The conifer by-product solution to which yeast, lactic acid bacteria and photosynthetic bacteria were administered is added to the culture tank and fermented. Fermentation is carried out under aerobic conditions for more than 72 hours while stirring at 90 ~ 110rpm temperature of coniferous by-product solution to which yeast, lactic acid bacteria, photosynthetic bacteria is administered 30 ~ 55 degrees Celsius to obtain a fermentation stock solution. At this time, the temperature of the conifer by-product solution to which yeast, lactic acid bacteria and photosynthetic bacteria were administered is most suitable for fermentation at 40 degrees Celsius. Fermentation proceeds with comprehensive control of sugar concentration, nutrients, air volume, etc., and when the acidity (PH) of the fermentation stock solution reaches 4.5, the fermentation stock solution is obtained by removing solids through filtration or centrifugation. The fermented stock solution produced in this way contains 41-47% of crude protein, contains a large number of essential amino acids, and contains a pine-derived bioactive substance.

The fermentation broth of these coniferous by-products can be used in place of antibiotics and added to livestock feed or drinking water, and can also be used as liquid fertilizers on crops.

<Experimental Example> Addition Feed Test of Fermented Soybean By-Products to Weaning Pigs

The effect of dietary supplementation on the piglets of the developed conifer by-products was investigated.

 end. Test material and method

(1) Test animal and test design

Three hundred ternary hybrids (Landrace × orkshire × uroc) weaning pigs were disclosed. The body weight was 6.47 ± 0.86 kg at the start of the test, and the test was conducted for 5 weeks. Treatments were: 1) Comparative Example 1 (Basic Feed), 2) Comparative Example 2 (Basic Feed + 0.05% Antibiotic), 3) Comparative Example 3 (Basic Feed + 0.1% Imported Pine Tree Essential Oil), 4) Experimental Example (Basic Feed) + Fermentation broth of 0.2% conifer by-products), 4 treatments, 7 repetitions per treatment, 4 heads per repetition.

(2) Test feed and specification management

The feed was free vegetarian in the form of mixed corn-soybean meal, and water was adjusted to be freely eaten using an automatic water dispenser.

(3) Survey items

 (A) Daily weight gain, daily feed intake and feed efficiency

Body weight and feed intake were measured at the beginning of the study, at 2 weeks and at the end (5 weeks) to calculate the daily gain, feed intake and feed efficiency.
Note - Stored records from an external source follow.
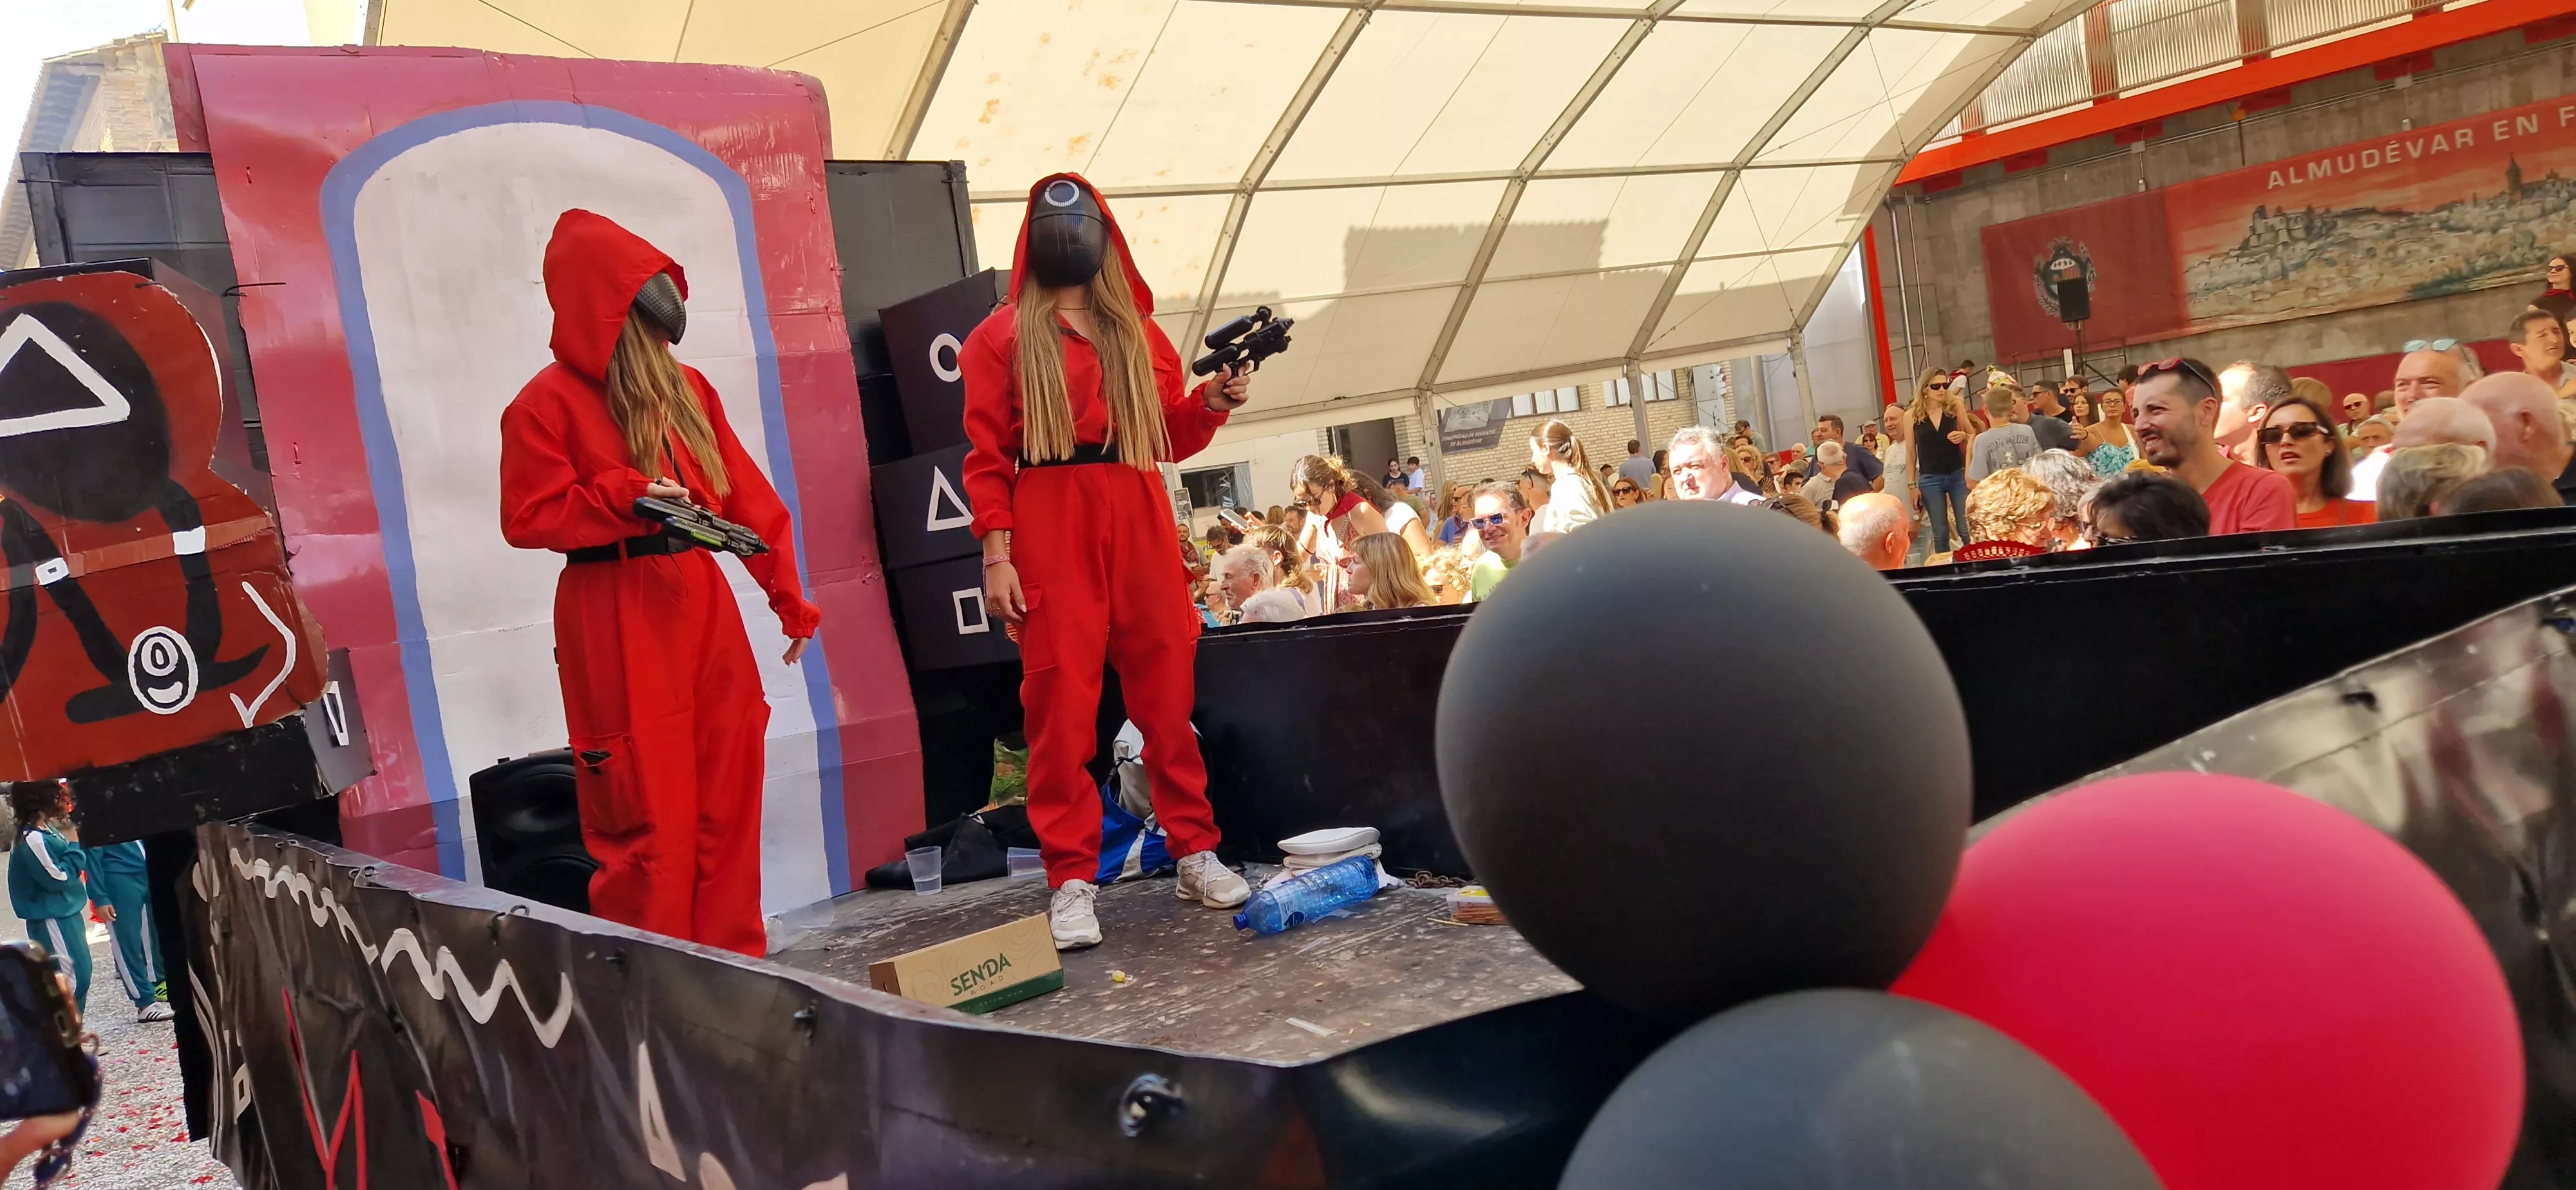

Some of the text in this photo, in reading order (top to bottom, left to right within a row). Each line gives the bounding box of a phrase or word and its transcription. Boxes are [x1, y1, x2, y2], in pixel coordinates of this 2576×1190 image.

[2267, 128, 2474, 190] ALMUDÉVAR
[2492, 113, 2539, 141] EN
[1441, 433, 1468, 442] COMUNIDAD
[950, 952, 1013, 996] SENDA
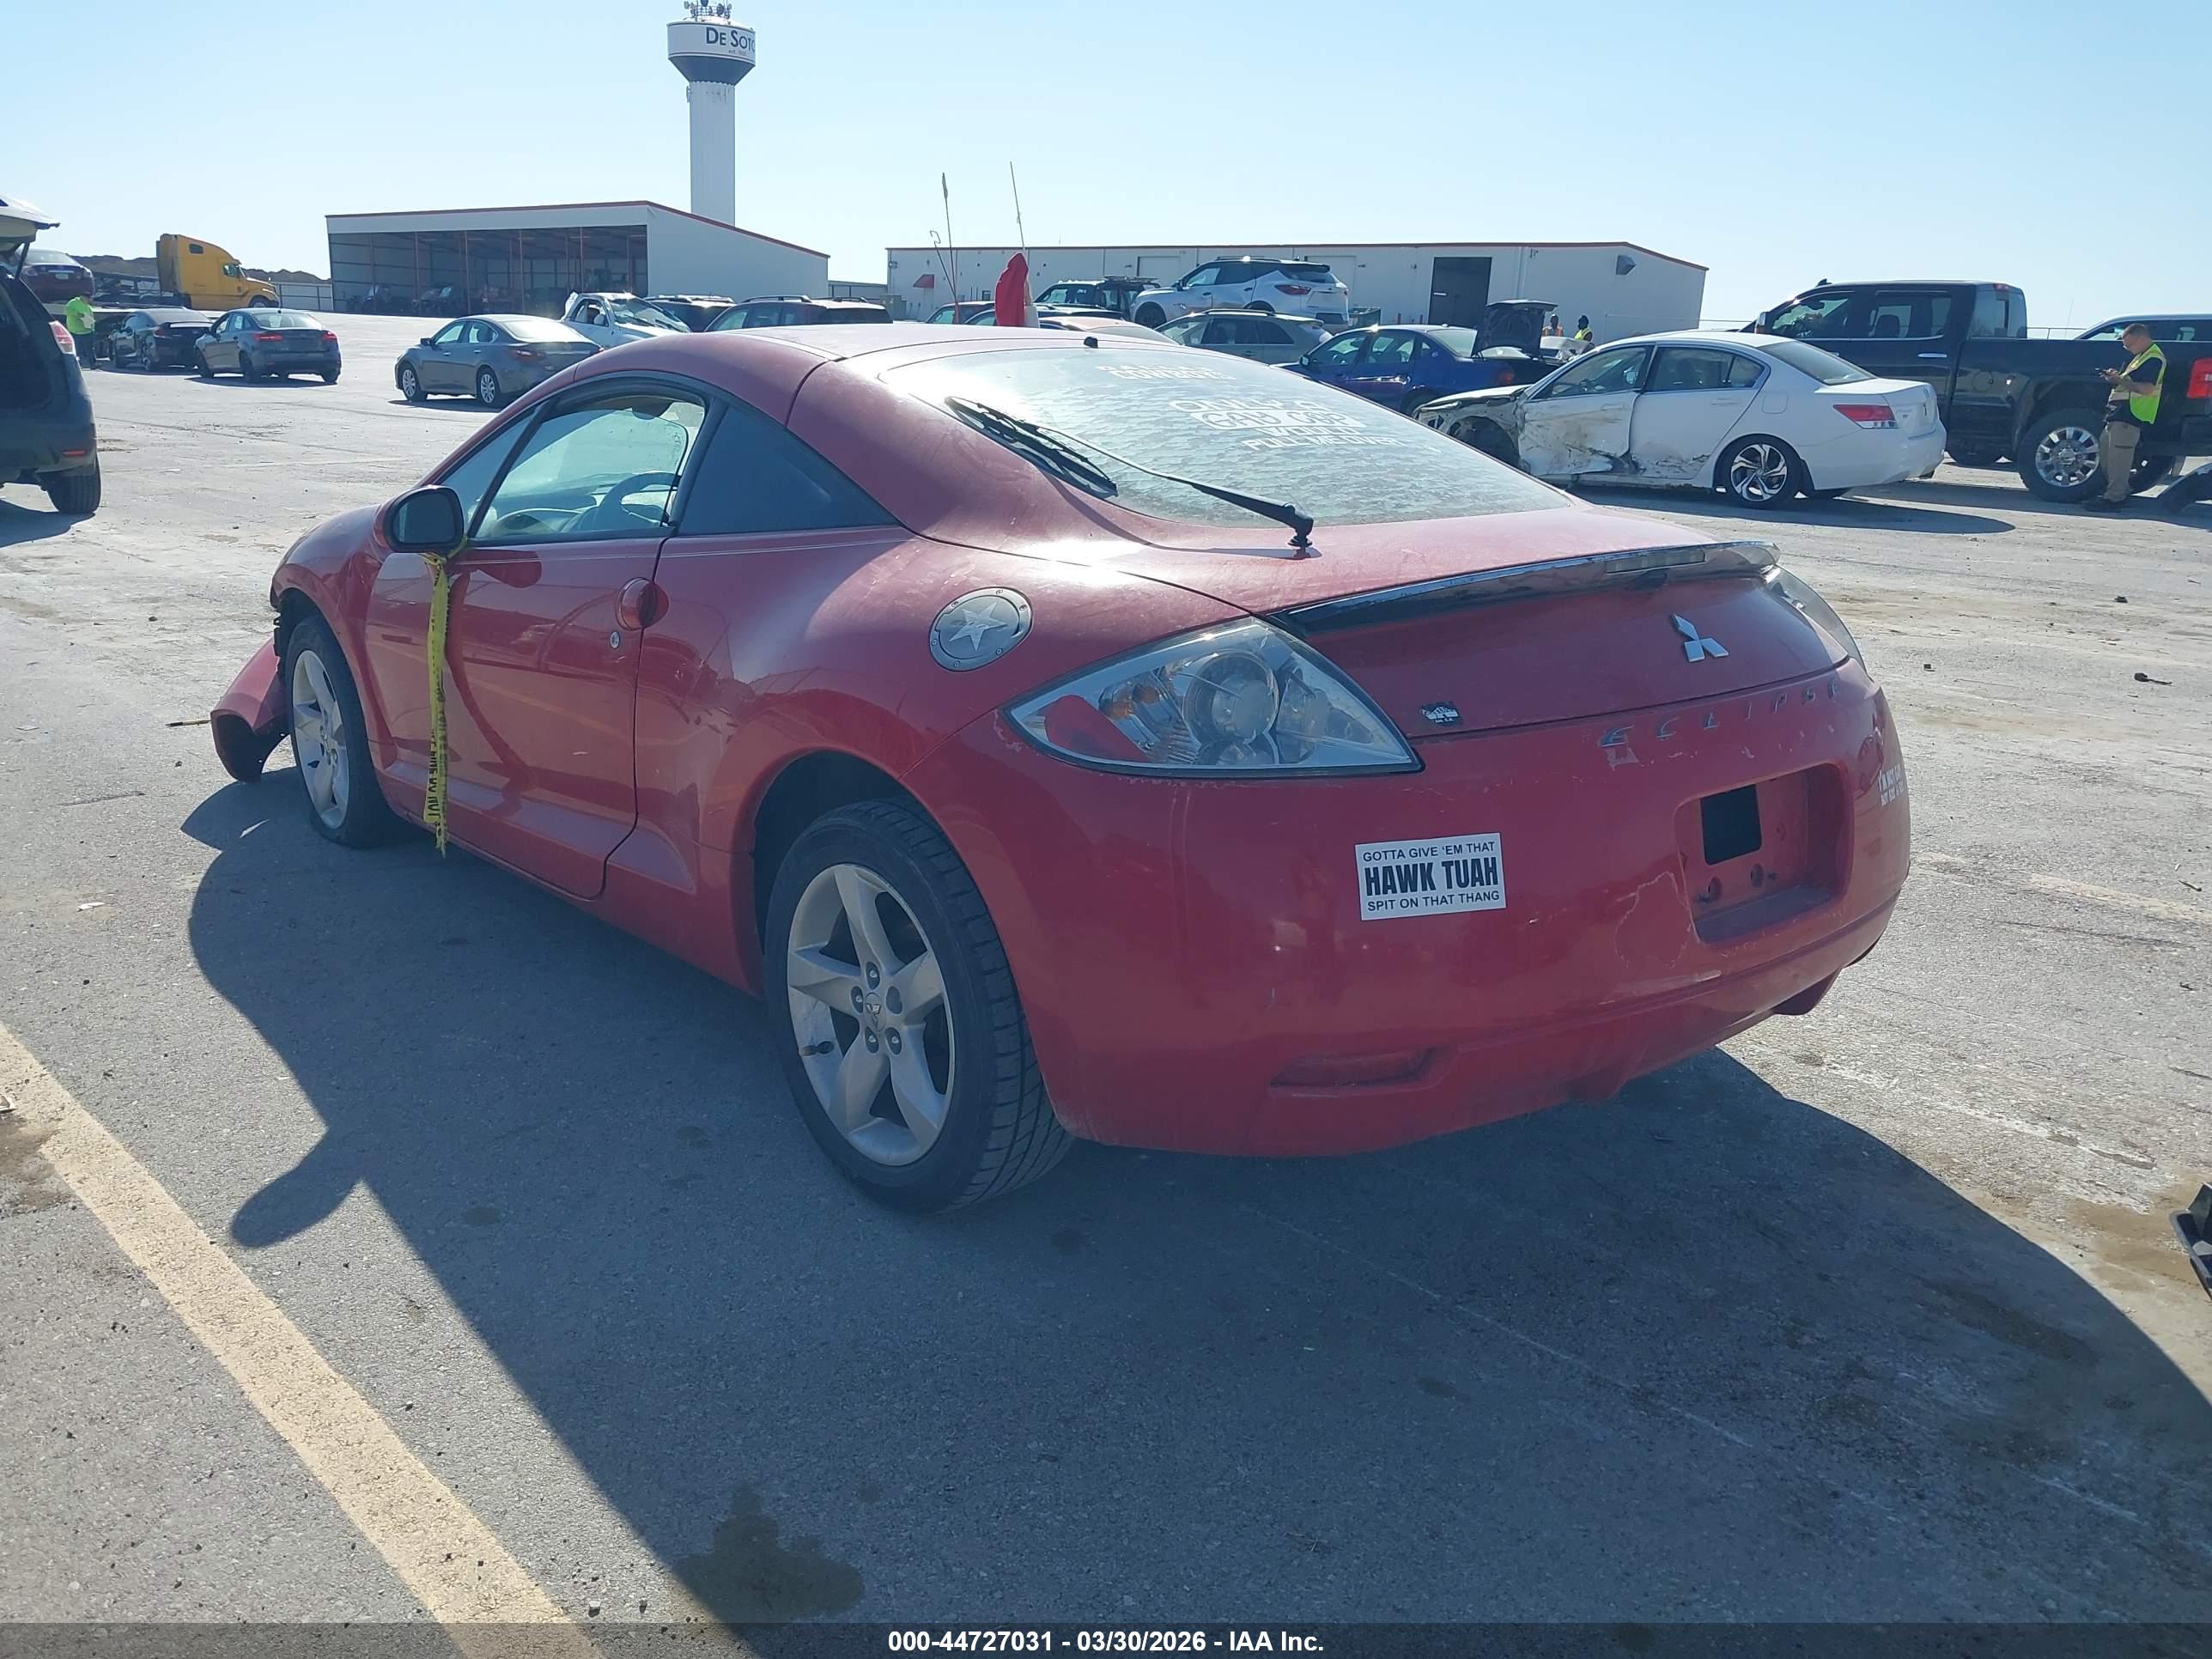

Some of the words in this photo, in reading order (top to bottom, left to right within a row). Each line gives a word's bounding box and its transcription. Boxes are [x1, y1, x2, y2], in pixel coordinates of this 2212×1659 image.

(B) nutrient digestibility

Digestion rate was added by 0.2% chromium oxide (Cr2O3) as the indicator at the 2nd week and the end (5th week), and the powder was collected by anal massage after 7 days of feeding. The sample was dried for 72 hours in a dryer at 60 ° C. and then ground in a Willy mill to be used for analysis. Chromium mixed with the general components and labeling of the feed was analyzed according to the methods of the American Society for Analytical Chemistry (AOAC, 1995).

(C) blood characteristics

Blood sampling was randomly selected for 6 heads per treatment and 2 ml of blood using K3EDTA vacuum tubes (Becton Dickinson Vacutainer Systems, Franklin Lakes, NJ) at the jugular vein (Jugular) at the start of the test, at 2 weeks and at the end (5 weeks), respectively. After collection, white blood cells, red blood cells, and lymphocytes (lymphocyte) contents were examined using an automatic blood analyzer (ADVID 120, Bayer, USA). Serum biochemical test was performed by vacuum tube (Becton Dickinson Vacutainer Systems, Franklin Lakes, NJ) at the start of the test, at 2 weeks and at the end (5 weeks), respectively. Serum obtained was isolated and analyzed for IgG content using a turbidimeter (Behring, Germany) by the nephelometry method.

 (D) Diarrhea index

Diarrhea index was measured daily from the beginning to the end of the test, diarrhea head and fecal index. (Fecal index = 0: normal feces, 1: soft feces, 2: mild diarrhea, 3: severe diarrhea)

(E) Intestinal microflora

At the end, eight animals were selected for each treatment group, and the powder was collected by anal massage method, and stored at -20 ° C until the experiment. Afterwards, the cells were suspended in sterile saline solution, homogenized, and diluted in steps of 103 to 107. It was used as a sample for measurement. In order to measure the number of lactobacillus (Lactobacillus) and Escherichia coli (E. coli) in pig manure by experimental treatment, solid medium (MRS agar) was used for lactic acid bacteria and Macconkey agar (Difco, USA) for E. coli, 37 After 38 hours incubation at ℃ ℃ was measured.

 I. result

 (1) productivity

The effect of supplementation of coniferous by-product fermentation on the productivity of weaning piglets is shown in Table 1.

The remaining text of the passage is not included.